Showdown coming with Planned Parenthood
Governor’s words make abortionists an easier target
JEFFERSON CITY – A bill that may lead to the cessation of public funding for Planned Parenthood, America’s largest abortion provider, was noted Jan. 24 when Gov. Matt Blunt devoted three sentences to “Getting Abortion Providers Out of Missouri Schools” in his Budget and Legislative Priorities document released before his State of the State Address.
“We started this project of taking on Planned Parenthood a couple of years ago, and the governor has adopted this as something that he wants to be a part of,” said Kerry Messer, founder of Missouri Family Network and lobbyist for the Missouri Baptist Convention’s (MBC) Christian Life Commission. “The battleground is a big one. It’s going to take a lot of resources. I’m predicting that we’re going to have a titan clash on the Senate floor.”
The language in the governor’s document reads as follows:
“Currently, some school districts around the state allow Planned Parenthood, and other abortion providers, to offer sex education in their schools. Governor Blunt believes that abortion providers should not be providing information to Missouri school children. The governor proposes legislation that will prohibit any public elementary or secondary institution from allowing abortion providers to present sex education programs to students.”
Nearly 900,000 students participate in Missouri public (elementary and secondary) education. Planned Parenthood affiliates are the largest provider of sex education materials and presenters to those pupils. It is a very lucrative business that is powerful in the Capitol, Messer said.
“Planned Parenthood is known to be one of the most politically active institutions in American life,” he said. “Those millions of dollars (in profits) that they reap by exposing our children to material that they should not be exposed to (are) put back into political campaigns to put people in office who will protect them to keep garnering the money and to continue abusing our children.
“We can’t print in The Pathway the types of things that even our grade school children face in their public school classrooms. It’s just a travesty that we can’t communicate this to Missouri Baptists. Missouri Baptists need to sit down and start writing letters to their legislators begging them to get this legislation passed.”
Messer said at least one pro-life leader in the Missouri General Assembly is worthy of our prayers when it comes to getting the anti-Planned Parenthood legislation passed. His name is Sen. Delbert Scott, R-Lowry City. Scott is a deacon at the Lowry City Church of God (Holiness).
“He has offered to help coordinate pro-life activities in the Senate,” Messer said.
The anti-Planned Parenthood bill is not the only one in play right now. More than one pro-life reform may eventually make it to the governor’s desk for his certain signature in 2007, Messer said, if pro-life citizens would only be active in the process. Three or four different provisions would appear to be possible, based on the substance of four paragraphs of language that Blunt included under the “Sanctity of Life” heading in the State of the State.
One idea Blunt is championing is that the Alternatives to Abortion program receive $200,000 in new funding in addition to $760,000 that will maintain the current level of funding. Messer focused on the spirit of this portion of the address, noting there was one line in particular that shined:
“No society can remain civilized if it does not concern itself with the respect and courtesy that is shown to one another, how it perceives the family, and how it treats the most vulnerable,” the governor said.
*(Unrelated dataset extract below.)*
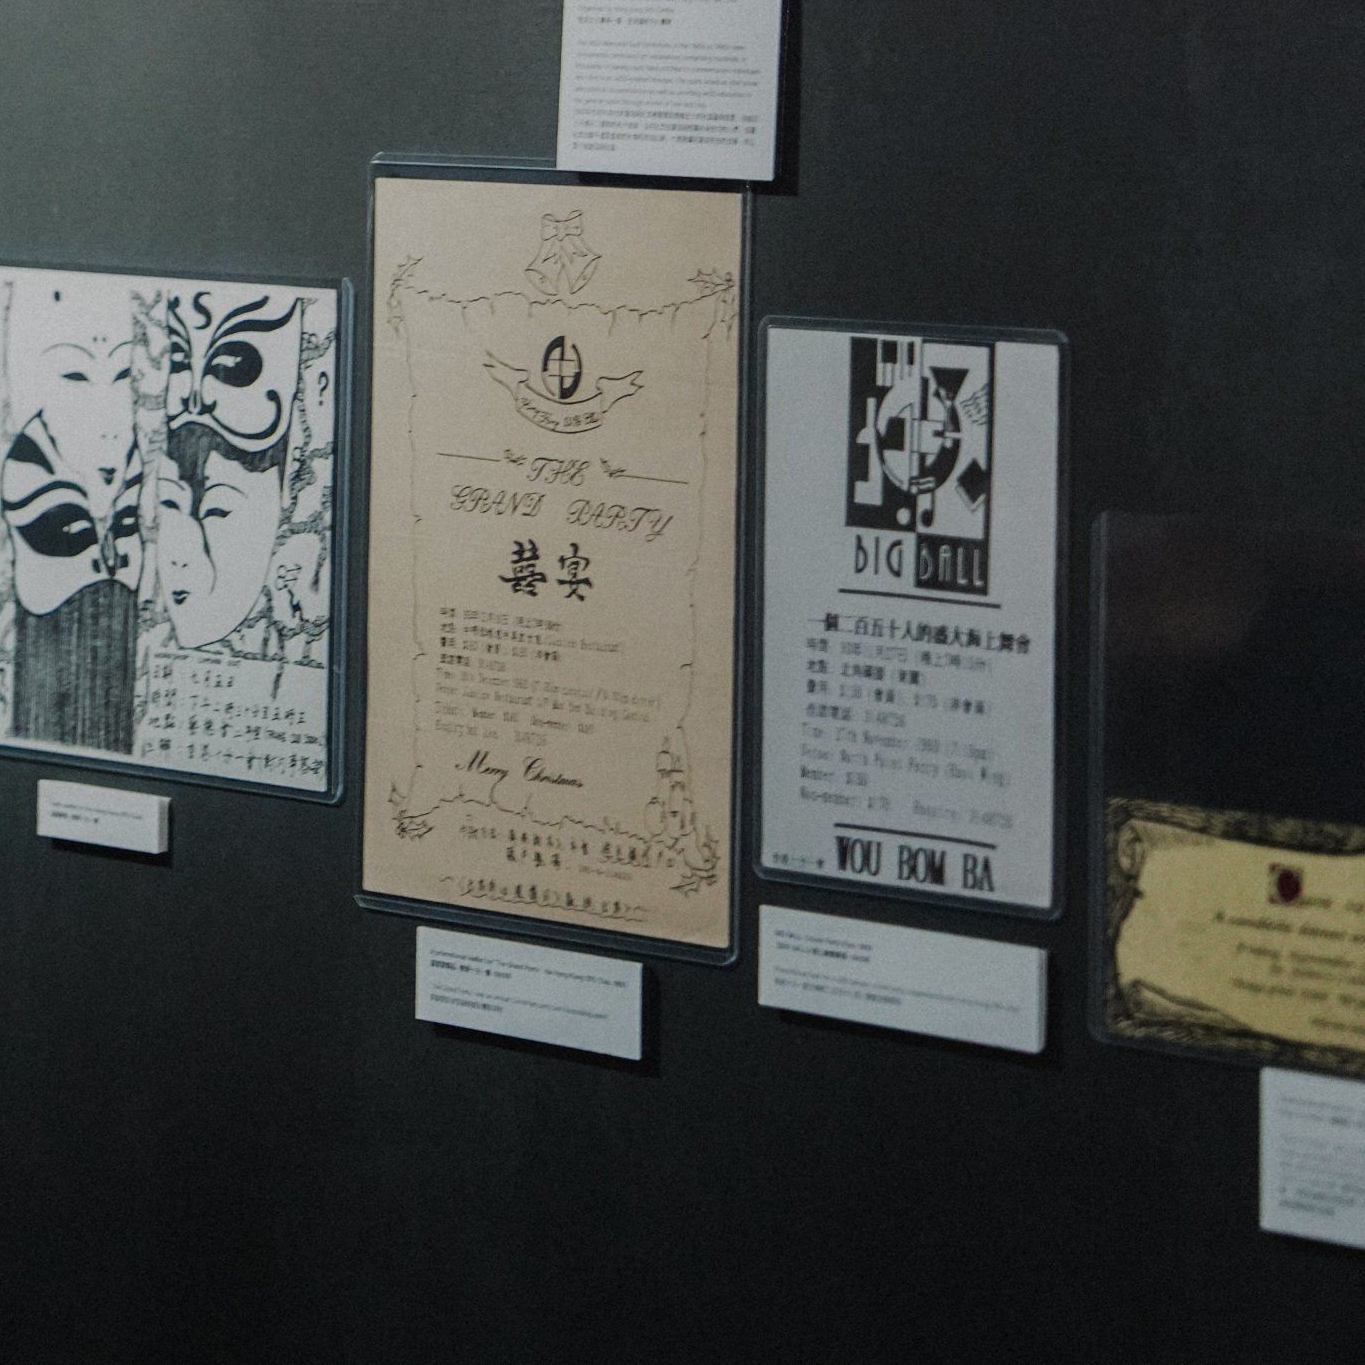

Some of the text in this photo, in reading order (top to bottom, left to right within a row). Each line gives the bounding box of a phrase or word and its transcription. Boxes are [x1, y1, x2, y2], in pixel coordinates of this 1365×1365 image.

[853, 533, 987, 589] BIG BALL
[961, 851, 996, 894] BA
Another top legislative priority this year for pro-life activists is a bill that would protect Missouri’s pharmacists from being forced into providing “morning after” abortion pills to patients. In the governor’s language, he is seeking to protect the conscience rights of pharmaceutical professionals.
Messer said along with the governor’s various pro-life priorities, the thought of regulating the state’s two remaining abortion clinics in Columbia and St. Louis will play into what eventually goes before lawmakers.
“Our goal is to make them (the state’s abortion clinics) as responsible to the citizens of the state as you can make an institution that kills babies,” Messer said.